Saturnino Fernández había llegado a un grado de beatitud por el cual pagaba
todo el dinero que podía percibir como reportero y cubría el saldo con su
propio hígado, porque la felicidad alcohólica exige un alto precio. Miró el
reloj. Eran las 23.9 -hora local, por supuesto-, cuando notó un revuelo
entre los parroquianos.
Oyó los gritos, vio correr a la gente de un lado al otro, mirando
hacia el cielo.
-¿Qué pasa?
De pronto, se acalló todo. Un ómnibus número 164 subió a la acera y
barrió con las mesas instaladas en ella. Hubo tres o cuatro muertos y
varios heridos. Nadie se movió. Los que sufrieron el impacto cayeron, los
demás quedaron inmóviles. Saturnino Fernández pidió una copa más al barman.
El barman -José Antonio López, español de 21 años, con 2 residencias en el
país- estaba con la cocktelera en el aire, ojos y boca abiertos,
sorprendido en el instante de mezclar un San Martín seco.
Por la avenida de Mayo comenzaban a verse unas extrañas pelotas de
plumón blanco. Saturnino se rascó la cabeza. Con paso inseguro, eso sí,
pero mente apacible, trató de levantar a un herido que no se quejaba aunque
le sangraba profusamente la cabeza. No lo logró. Pidió ayuda a un
transeúnte paralizado y éste no pareció oírlo.
Decidió entonces que debía afrontar la situación con calma. Retornó
al mostrador del bar, pasó por encima del mueble y tomó una botella de la
cual bebió un largo trago sin necesidad de usar el vaso.
-Eh... ¿Qué pasa?
Una voz aguardentosa desde el fondo, lo interpeló.
-Tráigame un trago, compañero.
Era un sujeto de barbas, con los ojos inyectados en sangre, el que
reclamaba algo más de bebida. Saturnino se unió al barbudo y ambos
terminaron de beber la botella mientras discutían la situación.
-Lo que me parece -decía el barbudo- es que vos estás muy borracho.

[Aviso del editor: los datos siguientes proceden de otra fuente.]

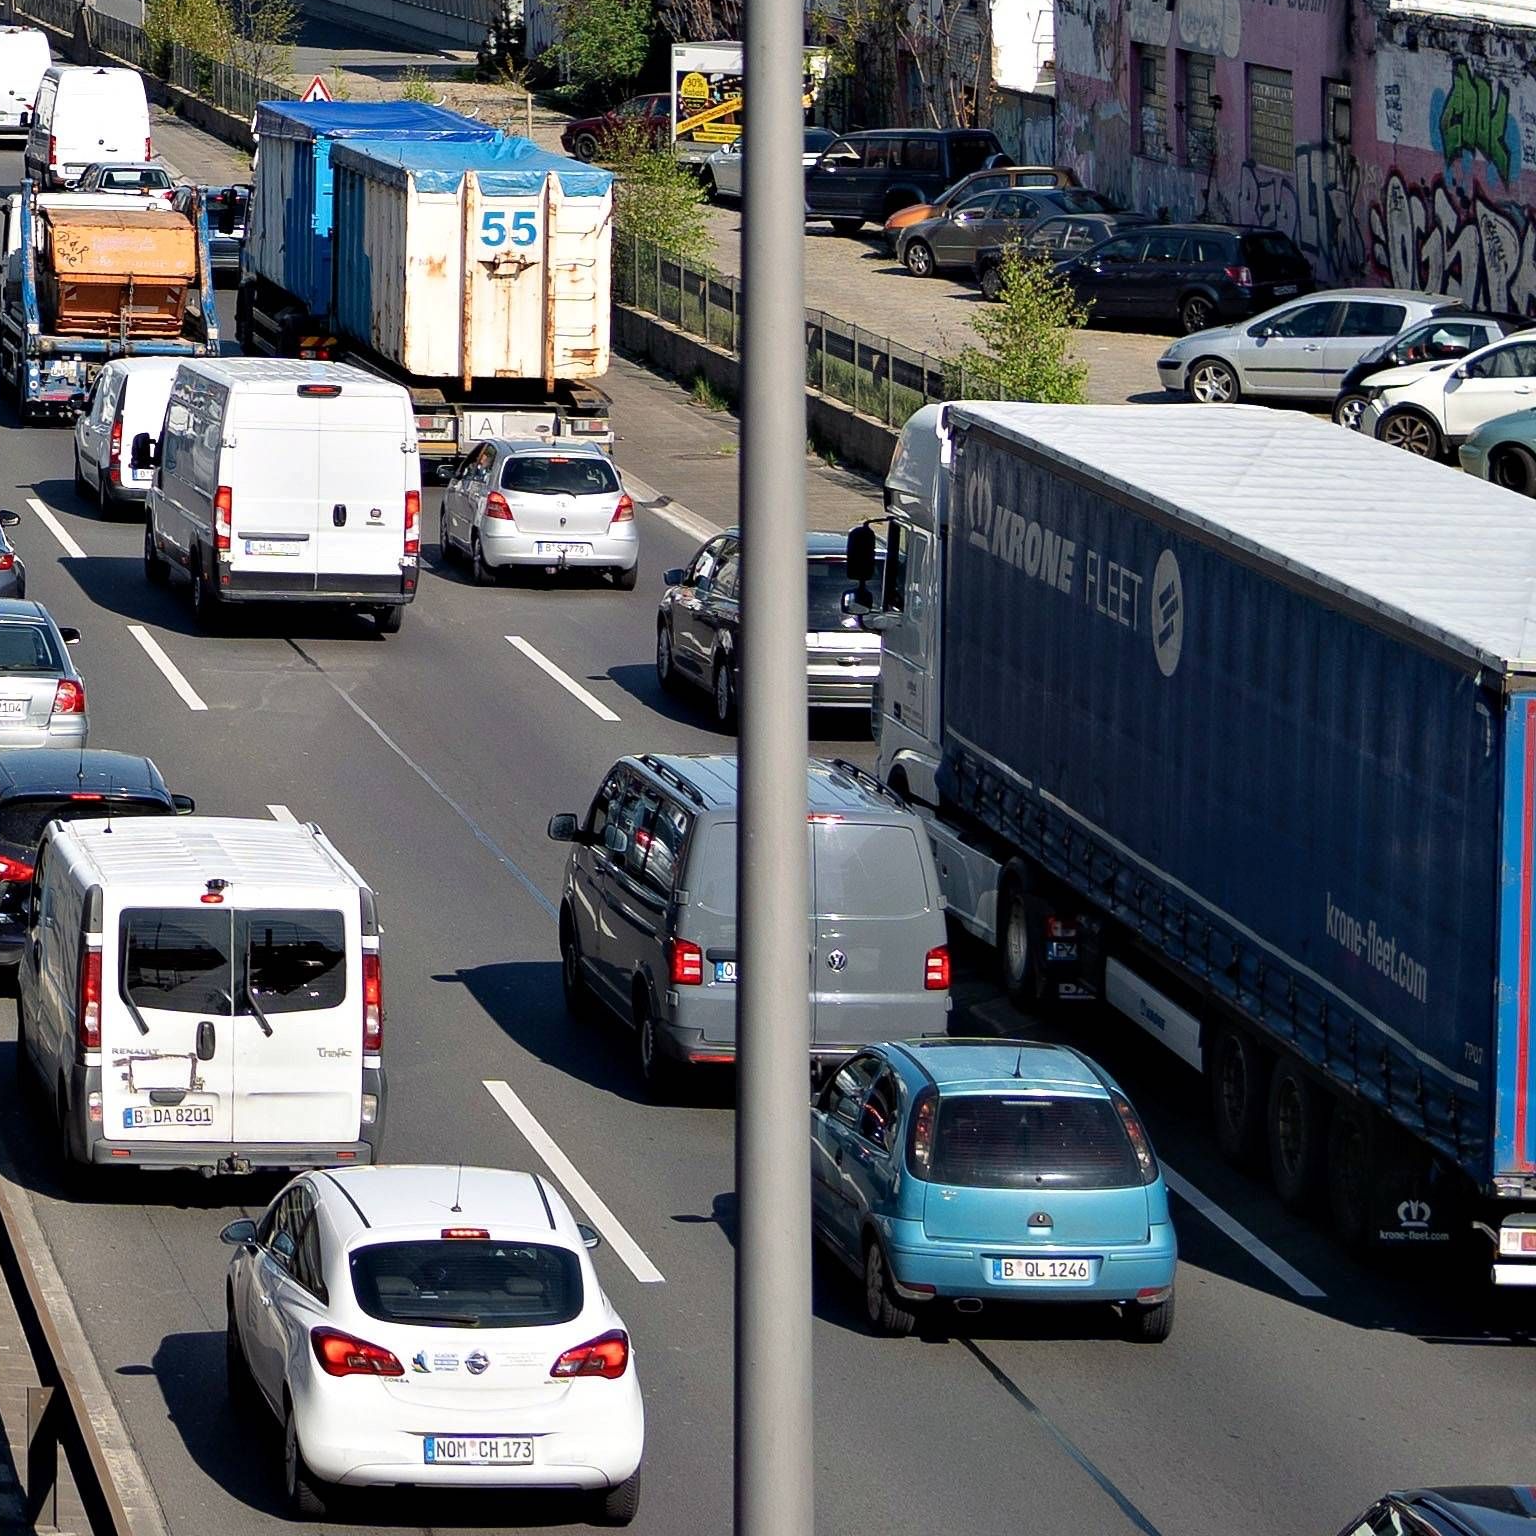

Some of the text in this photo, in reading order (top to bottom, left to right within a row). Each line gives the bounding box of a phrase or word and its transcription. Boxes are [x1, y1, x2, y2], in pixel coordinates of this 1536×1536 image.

-Por cierto que lo estoy -respondió Saturnino-. Pero eso no me impide
ver esas pelotas blancas. Y toda la avenida de Mayo está paralizada. Nadie
se mueve. Debe ser alguna peste.
Saturnino, del brazo del barbudo, comenzó a recorrer la ciudad. Al
rato de andar, tomaron un automóvil, bajaron al chofer paralizado y lo
condujeron por turno. Ninguno de ellos era chofer avezado, pero cuando el
auto se detenía o se abollaba contra cualquier obstáculo, se apoderaban de
otro.
También detenían la marcha de vez en cuando para descender ante un
bar, con toda la gente paralizada, y apoderarse de algunas botellas,
reserva de combustible imprescindible. Hasta que poco a poco, con la lógica
de los ebrios consuetudinarios, llegaron a una aterradora conclusión.
-Oye, barbudo -dijo Saturnino-, ¿te das cuenta de que la ciudad está
paralizada?
-Me doy -respondió el barbudo con un laconismo hipante.
-Y que hasta ahora, ¿quiénes no han sido afectados?
-Nosotros dos.
-Además de nosotros, los demás que hemos encontrado aún en actividad
son los borrachos.
-Es cierto.
-De modo que... ¡salud!
Sin nada de la modareción homeopática, ambos siguieron un tratamiento
a fuerza de botellas. Y muy pronto relacionaron la paralización de la
ciudad con las bolas blancas que estaban en todas partes. En las calles, en
las plazas, en algunos balcones.
-Lo que tenemos que hacer es destruir estas cosas -decidió Saturnino.
Manos a la obra. Comenzaron en la plaza del Congreso. A puntapiés y
luego con un camión municipal barredor, hicieron una alta pila de bolas de
plumón y le prendieron fuego. La pila ardió magníficamente. Luego otra y
otra. A la madrugada, fatigados, proseguían su labor.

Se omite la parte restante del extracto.